[FFmpeg-devel] [PATCH] Add rc_max_rate to ffprobe stream output
michaelni at gmx.at
Sun Jun 8 16:18:32 CEST 2014
On Sun, Jun 08, 2014 at 03:42:59PM +0200, Stefano Sabatini wrote:
> On date Sunday 2014-06-08 14:10:12 +0200, Michael Niedermayer encoded:
> > On Sun, Jun 08, 2014 at 12:57:28PM +0200, Stefano Sabatini wrote:
> > > On date Wednesday 2014-06-04 18:49:18 +0000, Carl Eugen Hoyos encoded:
> > > > Stefano Sabatini <stefasab <at> gmail.com> writes:
> > > >
> > > > > > + if (dec_ctx->rc_max_rate > 0) print_val
> > > > > ("max_bit_rate", dec_ctx->rc_max_rate, unit_bit_per_second_str);
> > > > > > + else print_str_opt("max_bit_rate", "N/A");
> > > > >
> > > > > AVCodecContext.rc_max_rate is an encoding parameter
> > > >
> > > > The documentation is now fixed.
> > >
> > > ffmpeg-codecs(1)
> > >
> > > maxrate integer (encoding,audio,video)

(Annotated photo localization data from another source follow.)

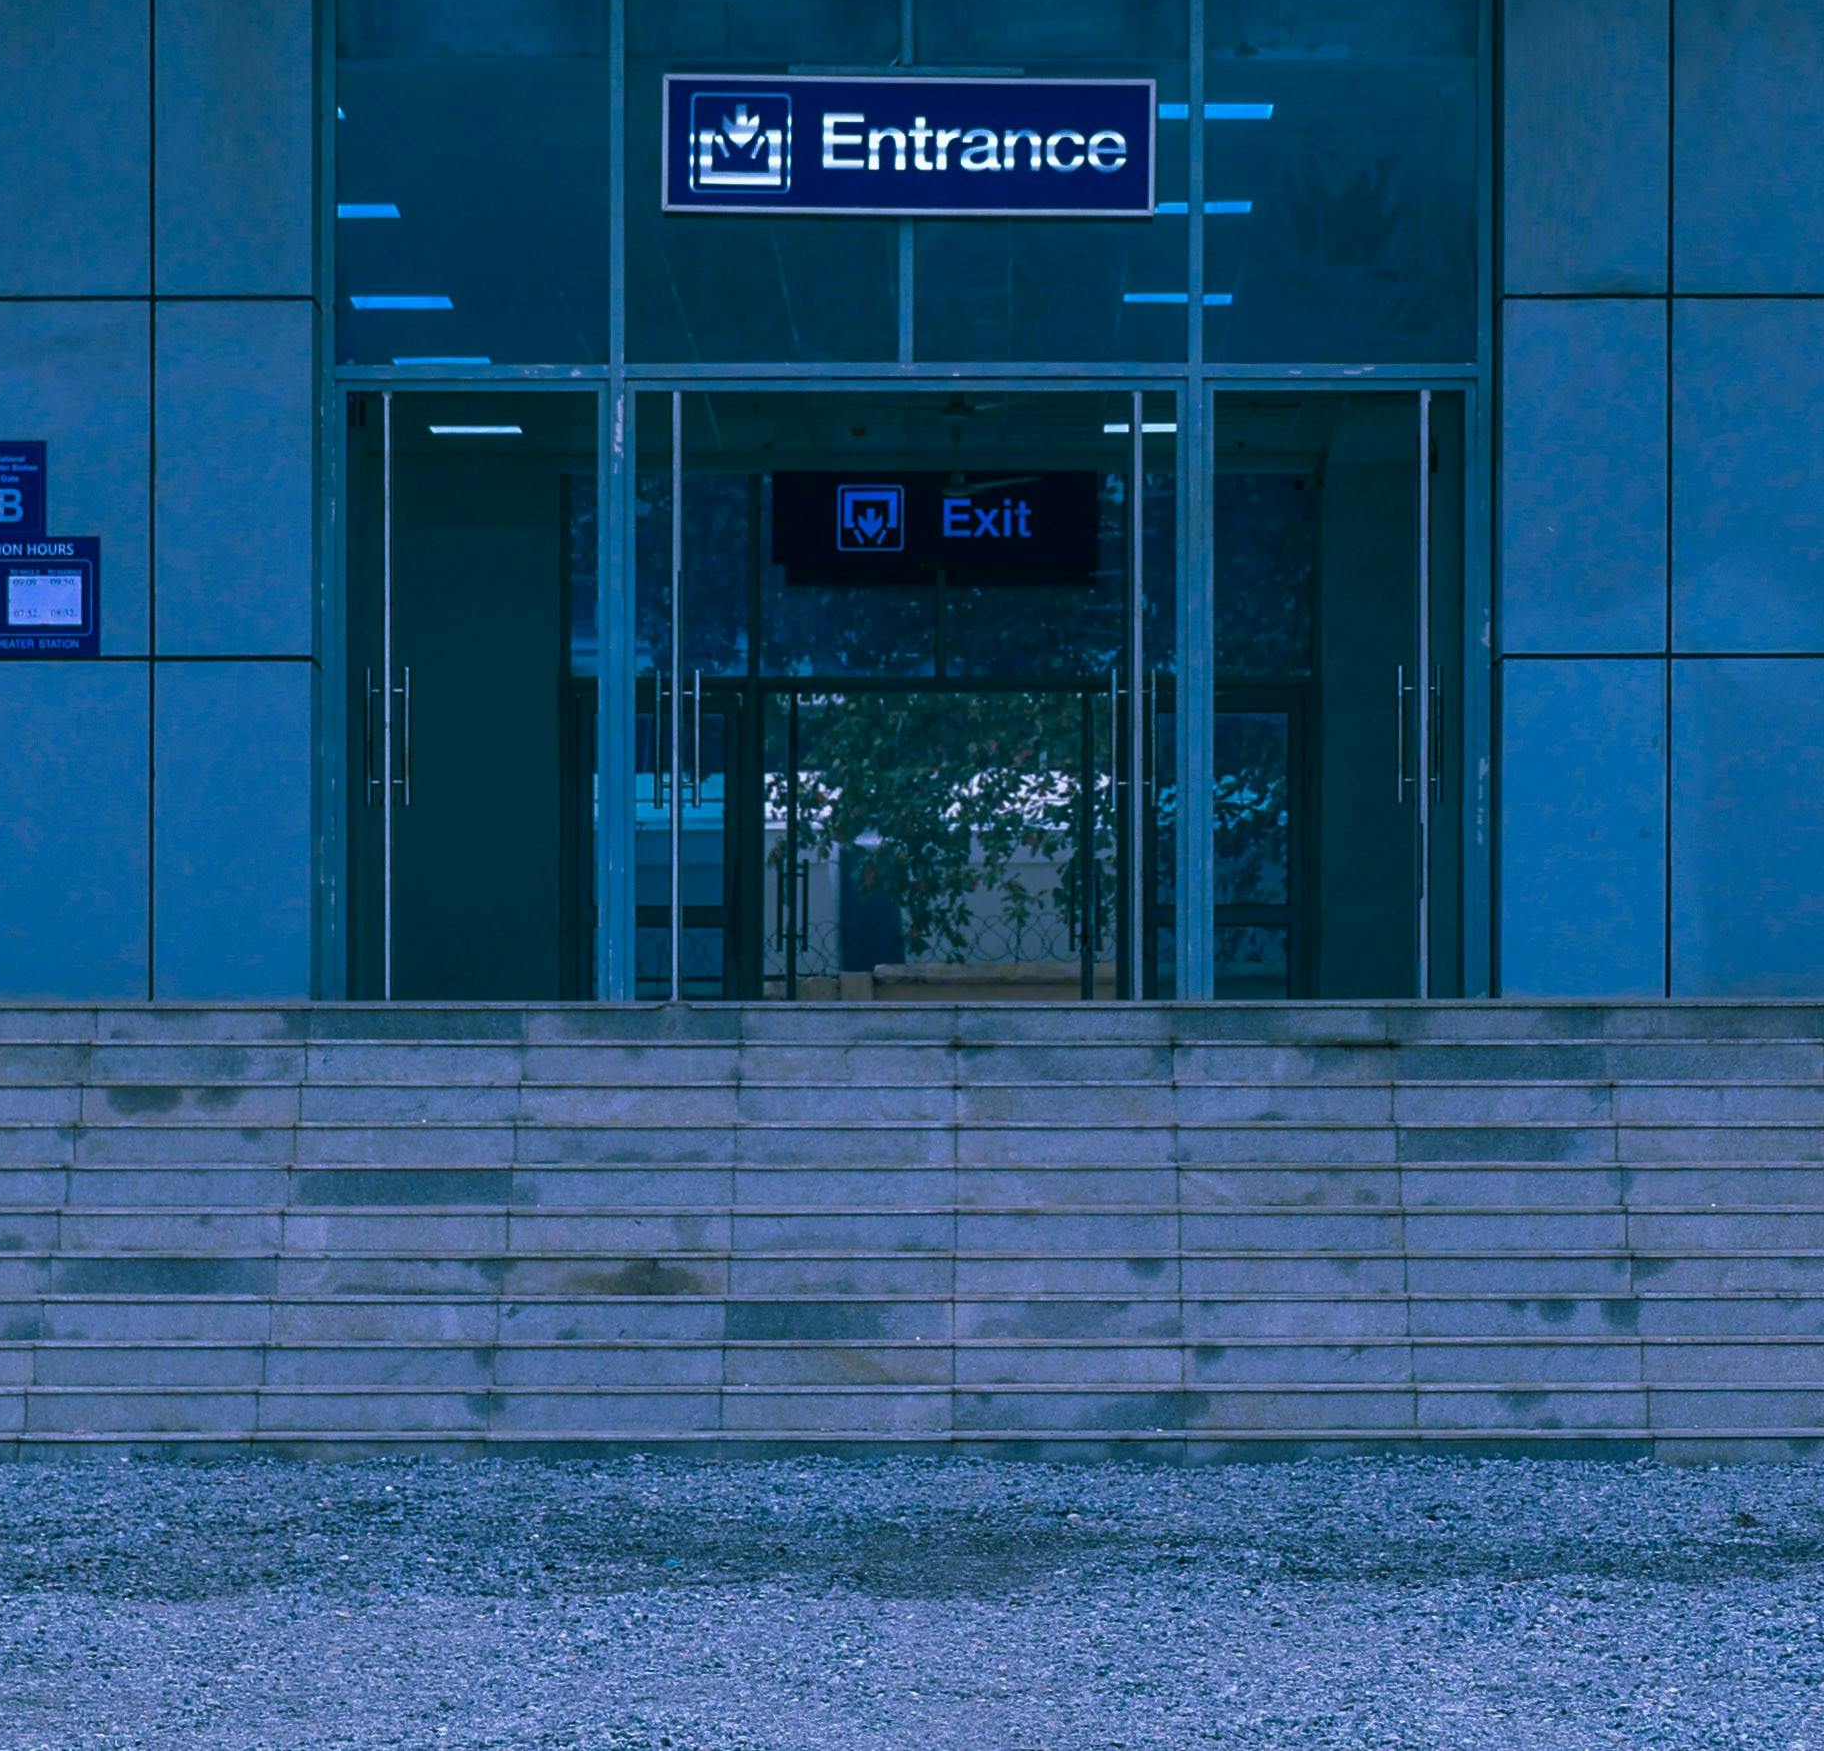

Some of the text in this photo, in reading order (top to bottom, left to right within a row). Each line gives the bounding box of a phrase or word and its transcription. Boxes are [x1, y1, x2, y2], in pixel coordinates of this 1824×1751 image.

[822, 112, 1127, 172] Entrance
[0, 475, 19, 483] Gate
[943, 499, 1031, 537] Exit
[27, 544, 74, 556] HOURS
[39, 639, 79, 649] STATION

> > > Set max bitrate tolerance (in bits/s). Requires bufsize to be set.
> > >
> > > So the question still stands: what's the use case for this?

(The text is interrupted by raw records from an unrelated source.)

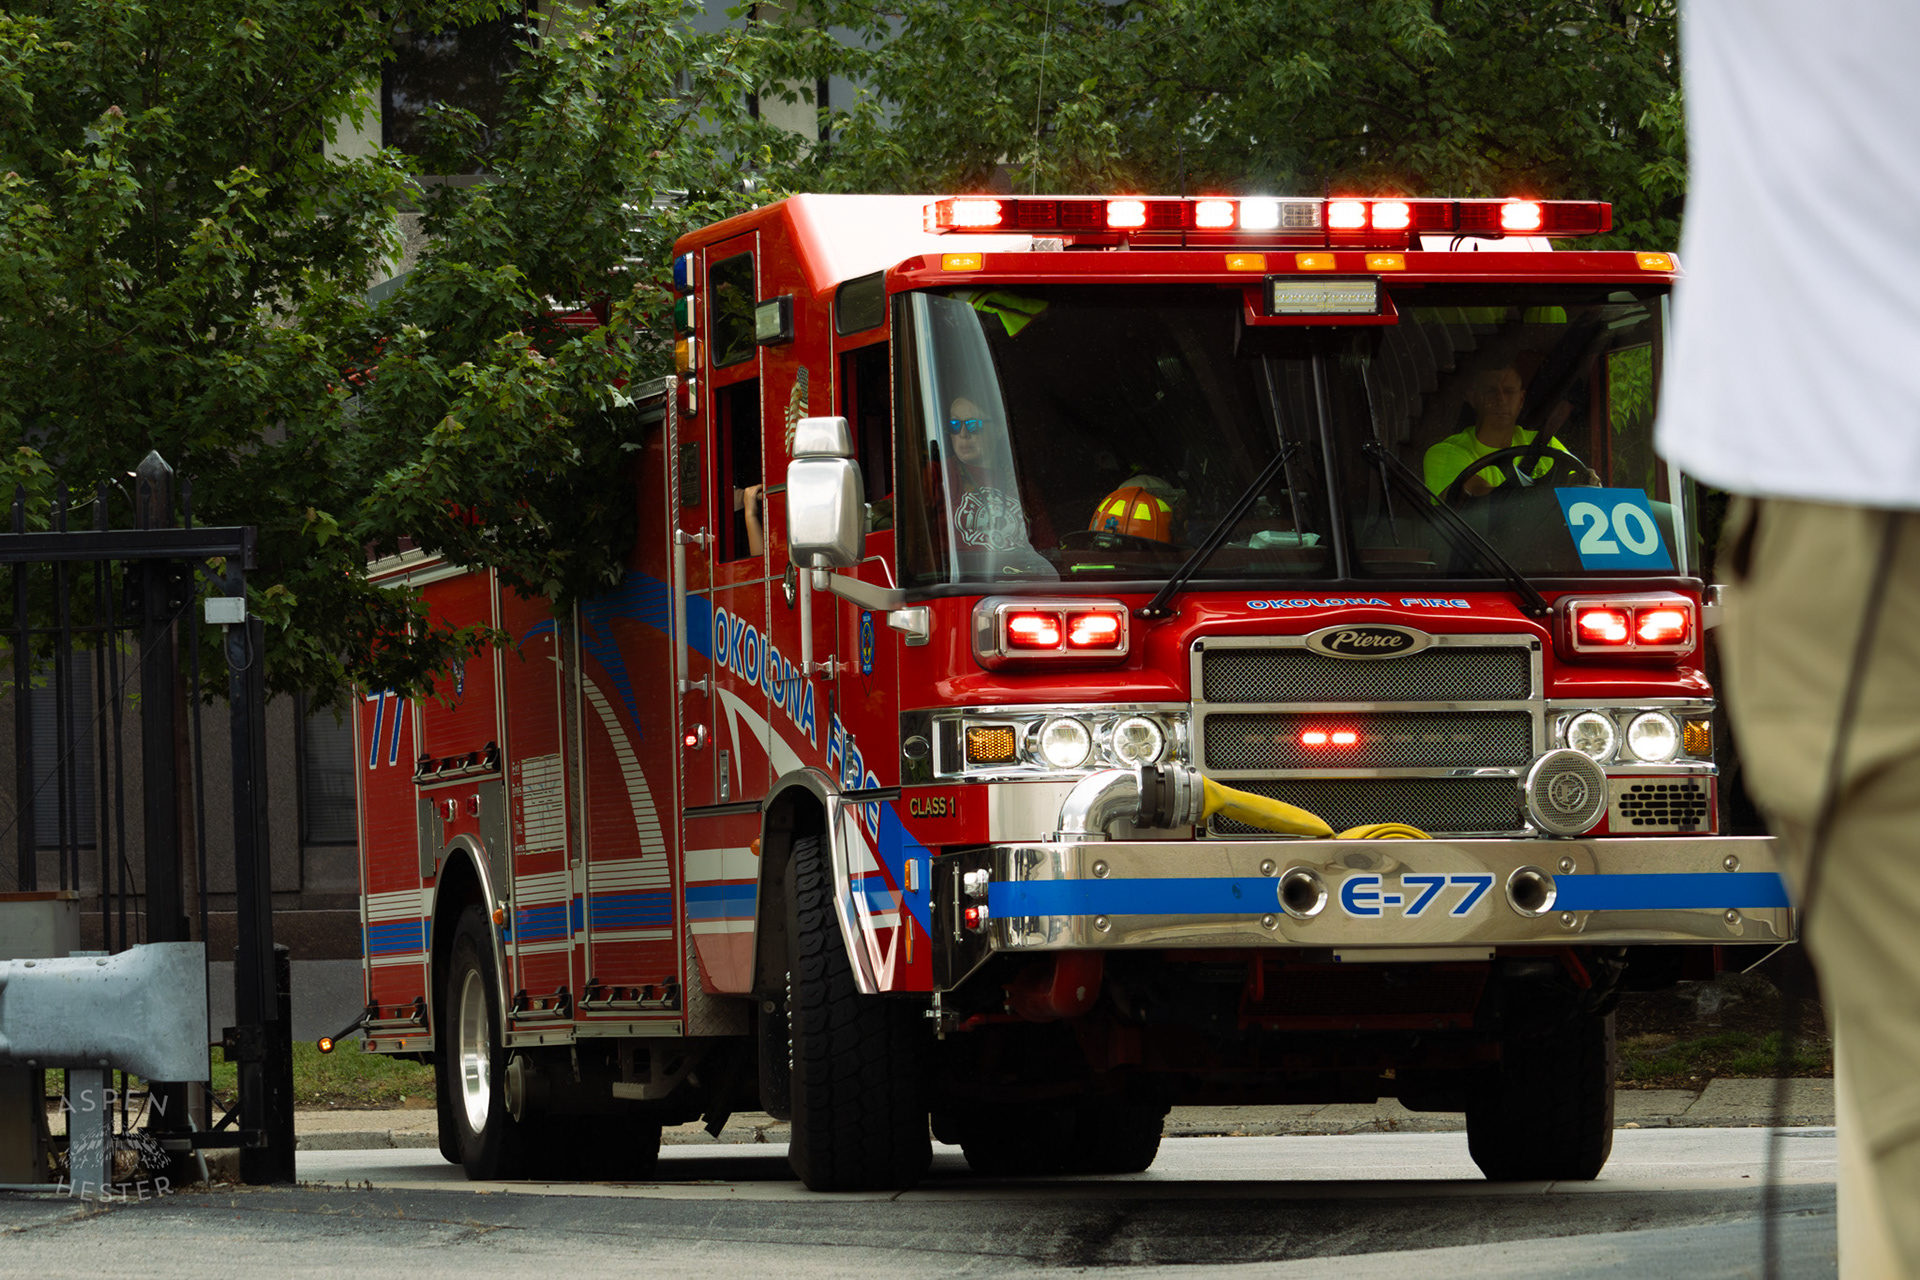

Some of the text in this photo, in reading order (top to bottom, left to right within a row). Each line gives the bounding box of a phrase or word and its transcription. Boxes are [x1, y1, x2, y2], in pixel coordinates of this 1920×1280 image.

[1568, 501, 1659, 556] 20
[1246, 598, 1471, 610] OKOLONA FIRE
[1331, 630, 1403, 650] Pierce
[715, 606, 817, 751] OKOLONA
[910, 795, 956, 818] CLASS 1
[1338, 872, 1496, 918] E-77

> > the max rate is part of the paremeters needed for creating correct
> > valid VBR/CBR mpeg*/h26*. Which can be especially important if you
> > care about spec compliance or supporting hw players. or intent to
> > transmit the data over a channel with low latency that doesnt have
> > infinite bandwidth and want to have a proof it will work and not just
> > hope it will ...
> > ok above is talk about encoding but
> > concrete use cases, you have some stream, be that clasical broadcast,
> > internet streaming stuff, or some kind of storage media.
> > and you want to create a similar compatible stream, you need to know
> > the buffer sizes and max rate for that.
> > ffprobe displaying what existing streams use should be helpfull in
> > choosing valid parameters if you have no access to the proper specs
> > and its not one of the common formats like DVD/VCD ...
> So what about updating the option bits (libavcodec/options_table.h,
What exactly do you want me to change ?
that file looks a bit small, i dont think thats the file you meant
> Otherwise there is no much chance for a random
> user to understand how to interpret that value (and that that value is
> meaningful only for MPEG video, and is probably meaningless for other
its really not just meaningfull for some but practically every
variable bitrate codec not just video but all.
Only codecs that work by chance and hope in a constrained bandwidth
environment have no maximum bitrate
because if you have a 512kbit/sec connection/channel and a variable
bitrate encoder decides to encode to 1024kbit/sec due to higher
complexity content you WILL hit a problem eventually. Only by
specifying the limits to how far and for how long a encoder can go
over the target bitrate (to say it with fuzzy terms) can it work.
This is perfectly true even for local files but the average HDD/SSD
is generally fast enough for the average content so people can
all ignore it for their movies and it works.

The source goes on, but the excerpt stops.